Dihydrocodeine passes into breast milk in very small amounts which are probably insignificant, however, it is recommended that administration should be avoided if the mother is breast feeding.

4.7 Effects on ability to drive and use machines

Dihydrocodeine may impair the mental and/or physical abilities required for the performance of potentially hazardous tasks such as driving a car or operating machinery.

May cause drowsiness, paraesthesia, dizziness, vertigo, muscle rigidity, visual disturbances, confusion and hallucinations, if affected, do not drive or operate machinery.

This medicine can impair cognitive function and can affect a patient’s ability to drive safely. This class of medicine is in the list of drugs included in regulations under 5a of the Road Traffic Act 1988. When prescribing this medicine, patients should be told:

The medicine is likely to affect your ability to drive

Do not drive until you know how the medicine affects you

It is an offence to drive while under the influence of this medicine

However, you would not be committing an offence (called “statutory defence”) if: –   The medicine has been prescribed to treat a medical or dental problem and

– You have taken it according to the instructions given by the prescriber and in

the information provided with the medicine and

– It was not affecting your ability to drive safely.

4.8 Undesirable effects

Immune system disorders

Allergic reactions such as hives, itching, skin rashes, swelling of face, dyspnoea and difficulty in breathing.

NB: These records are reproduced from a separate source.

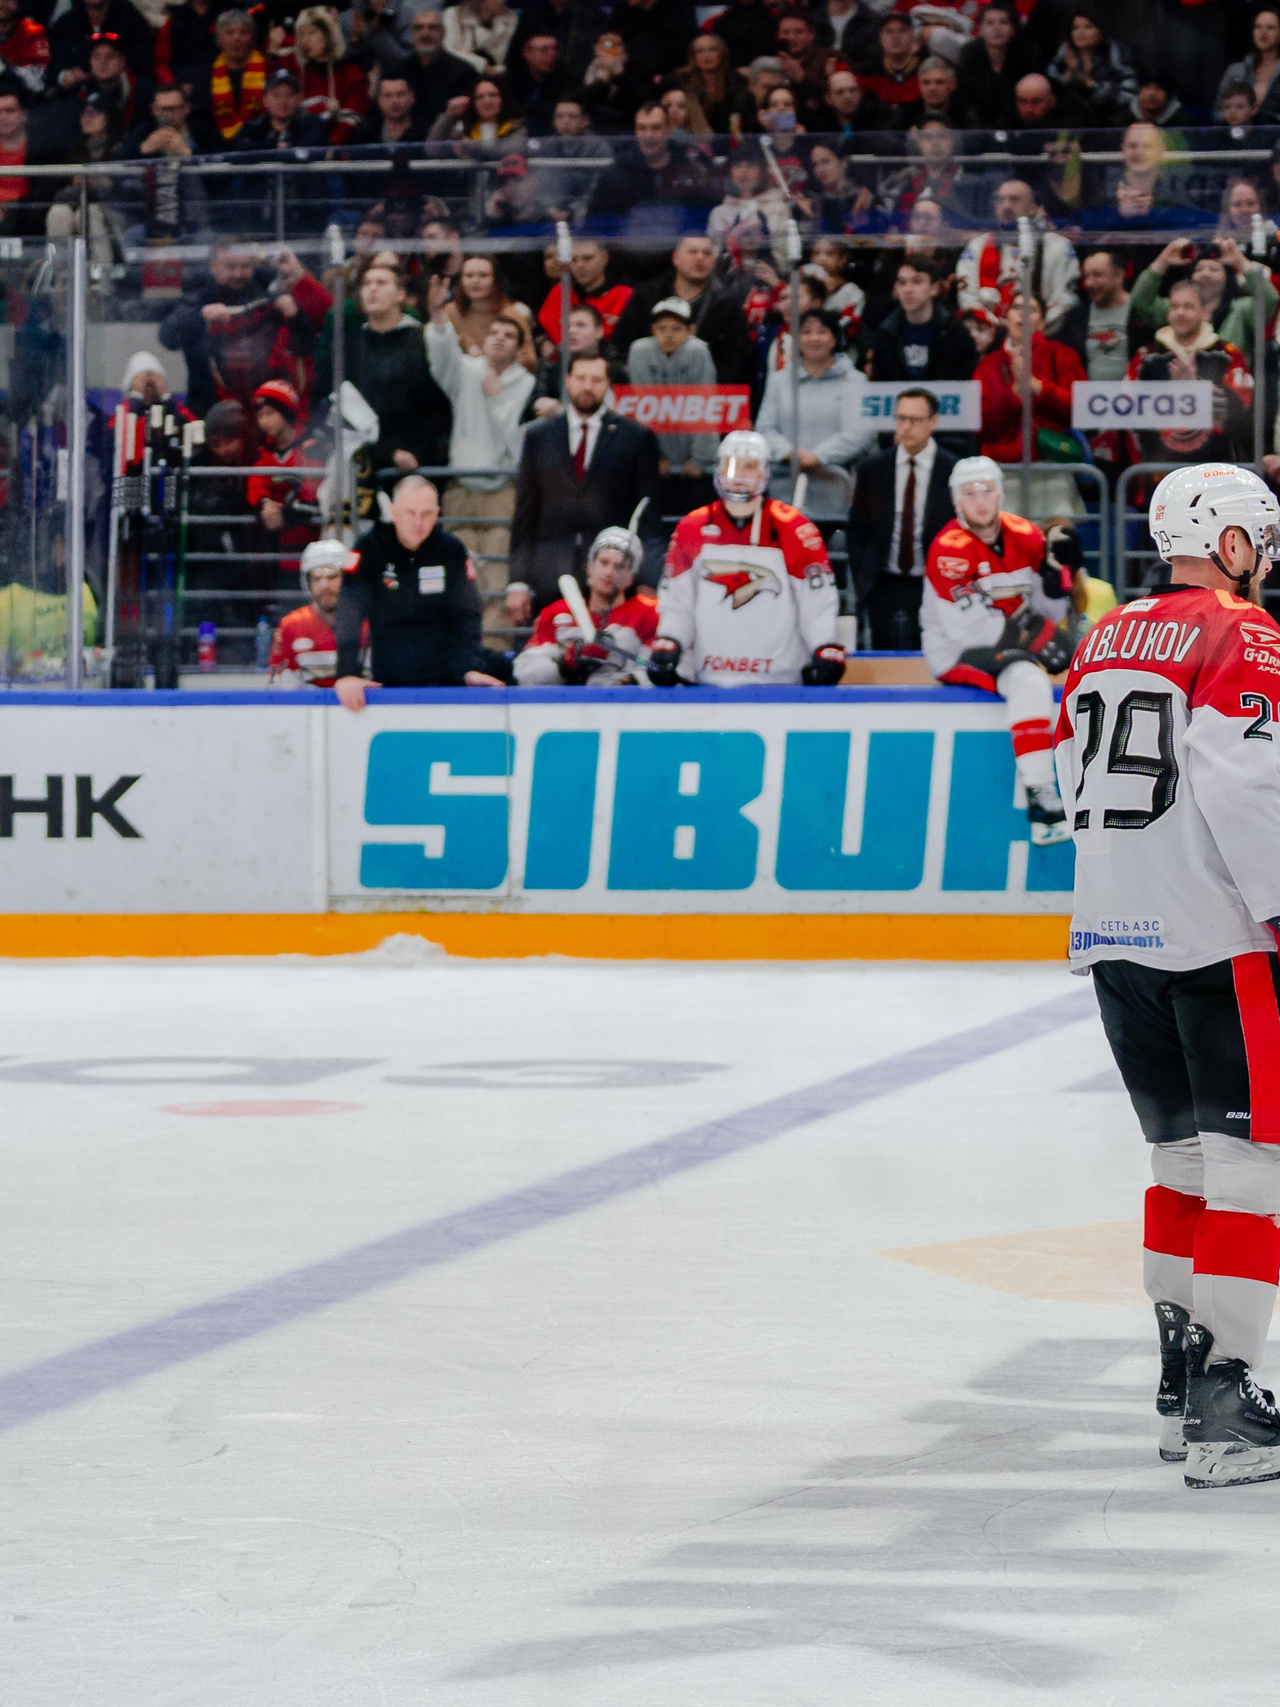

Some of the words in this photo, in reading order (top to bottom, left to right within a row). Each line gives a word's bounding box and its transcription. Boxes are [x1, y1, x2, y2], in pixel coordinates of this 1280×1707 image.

[617, 395, 749, 423] FONBET
[861, 394, 961, 417] SIR
[1087, 393, 1198, 417] согаз
[703, 655, 774, 673] FONBET
[1075, 690, 1179, 831] 29
[359, 731, 1074, 891] SIBUR
[1101, 921, 1129, 931] СЕТЬ
[1133, 921, 1160, 931] АЗС
[1226, 1111, 1251, 1120] BAU

Metabolism and nutrition disorders

Anorexia.

Psychiatric disorders

Mental depression, hallucinations, restlessness, confusion, mood changes, euphoria, dysphoria.

Nervous system disorders

Paraesthesia, convulsions, uncontrolled muscular movements, tremors, dizziness, headache.

Eye disorders

Miosis, visual disturbances.

Ear and labyrinth disorders

Vertigo.

Cardiac disorders

Bradycardia, tachycardia, palpitations, syncope.

Vascular disorders

Hypotension, facial flushing.

Respiratory, thoracic and mediastinal disorders

Respiratory depression.

Gastrointestinal disorders

Nausea and vomiting, constipation, dry mouth, abdominal pain.

Hepatobiliary disorders

Biliary spasm which may be associated with alterations in liver enzyme values.

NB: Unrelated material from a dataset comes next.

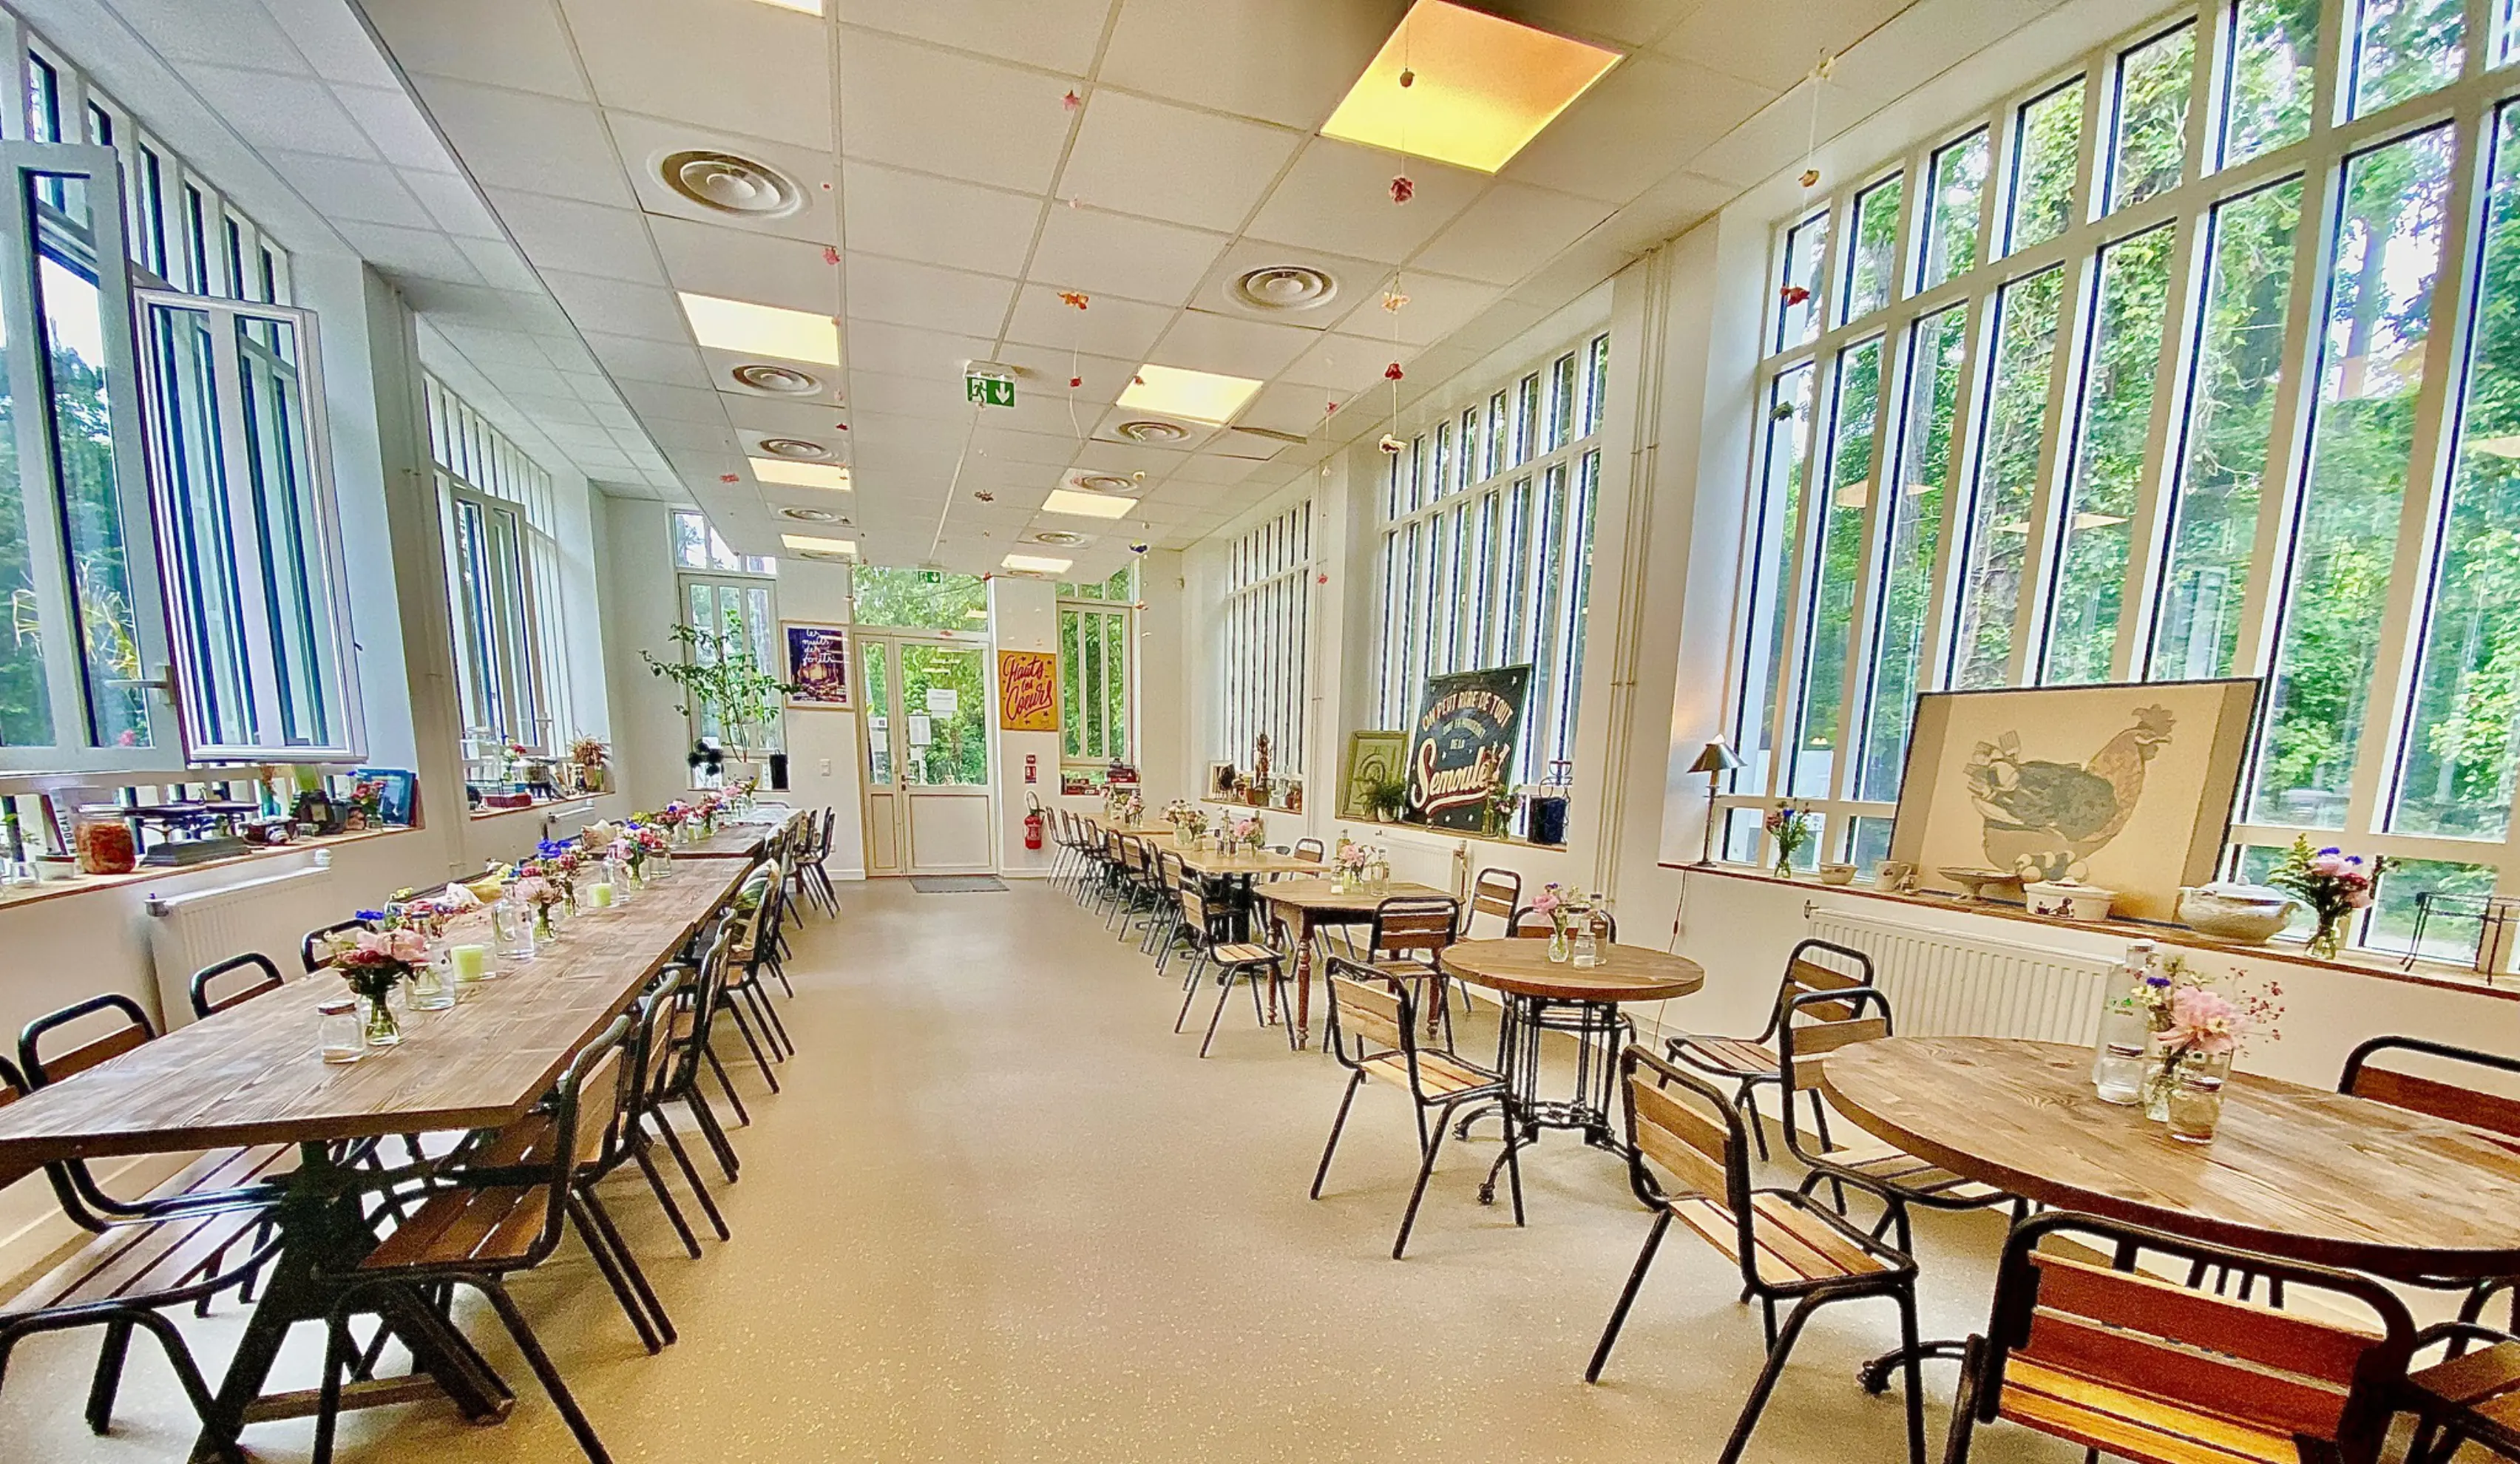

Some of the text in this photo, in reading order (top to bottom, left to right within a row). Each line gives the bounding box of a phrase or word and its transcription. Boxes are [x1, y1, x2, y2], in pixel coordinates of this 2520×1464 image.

Skin and subcutaneous tissue disorders

Urticaria, pruritis, sweating.

Musculoskeletal, connective tissue and bone disorders

Muscle rigidity has been reported after high doses especially respiratory muscles.

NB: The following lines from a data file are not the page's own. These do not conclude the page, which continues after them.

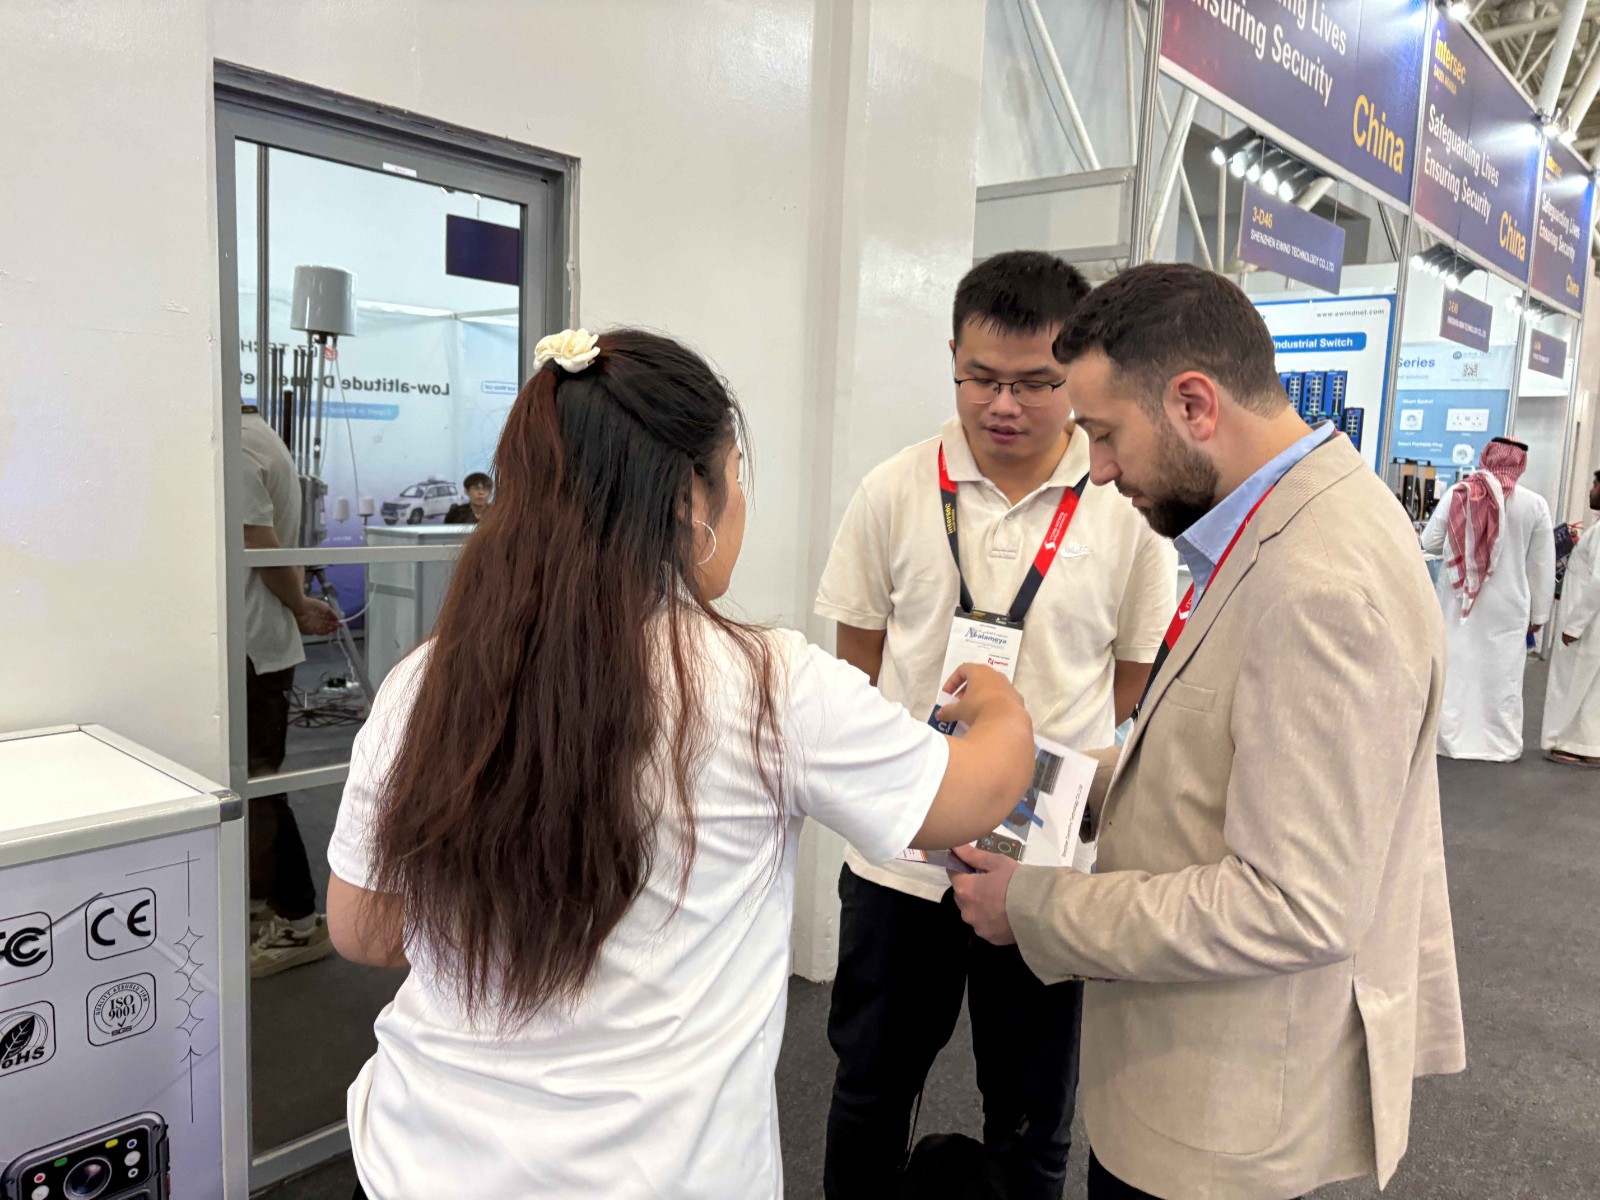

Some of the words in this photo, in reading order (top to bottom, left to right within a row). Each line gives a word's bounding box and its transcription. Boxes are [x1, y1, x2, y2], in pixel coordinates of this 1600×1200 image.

[1311, 0, 1347, 56] Lives
[1190, 0, 1267, 61] suring
[1271, 24, 1333, 107] Security
[1435, 29, 1466, 86] intersec
[1353, 94, 1404, 175] China
[1428, 103, 1480, 178] Safeguarding
[1481, 152, 1499, 188] Lives
[1424, 146, 1460, 203] Ensuring
[1461, 176, 1491, 225] Security
[1252, 206, 1273, 229] 3-D46
[1499, 210, 1526, 262] China
[1250, 228, 1276, 249] SHENZHEN
[1291, 246, 1319, 266] TECHNOLOGY
[1316, 308, 1384, 318] www.ewindnet.com
[1319, 337, 1353, 349] Switch
[91, 899, 152, 946] CE
[108, 1004, 136, 1020] 9001
[110, 994, 134, 1010] ISO

Renal and urinary disorders

Difficulty with micturition, urinary retention, ureteric spasm, dysuria.

Reproductive system and breast disorders Sexual dysfunction.

General disorders and administration site conditions

Oedema, drowsiness, malaise.

Regular prolonged use of dihydrocodeine is known to lead to addiction and tolerance. Symptoms of restlessness and irritability may result when treatment is then stopped.

Prolonged use of a painkiller for headaches can make them worse.

Reporting of suspected adverse reactions

Reporting suspected adverse reactions after authorisation of the medicinal product is important. It allows continued monitoring of the benefit/risk balance of the medicinal product. Healthcare professionals are asked to report any suspected adverse reactions via the Yellow Card Scheme at: www.mhra.gov.uk/yellowcard or search for MHRA Yellow Card in the Google Play or Apple App Store.

4.9 Overdose

4.9 Overdose

The effects in overdose will be potentiated by simultaneous ingestion of alcohol and psychotropic drugs.

Symptoms

Central nervous system depression, including respiratory depression, may develop but is unlikely to be severe unless other sedative agents have been co-ingested, including alcohol, or the overdose is very large. Symptoms resulting from overdose are, pinpoint pupils, nausea and vomiting are common.. Hypotension and tachycardia are possible but unlikely.

Management

This should include general symptomatic and supportive measures including monitoring of vital signs until stable. Consider activated charcoal if an adult presents

within one hour of ingestion of more than 350 mg or a child more than 5 mg/kg..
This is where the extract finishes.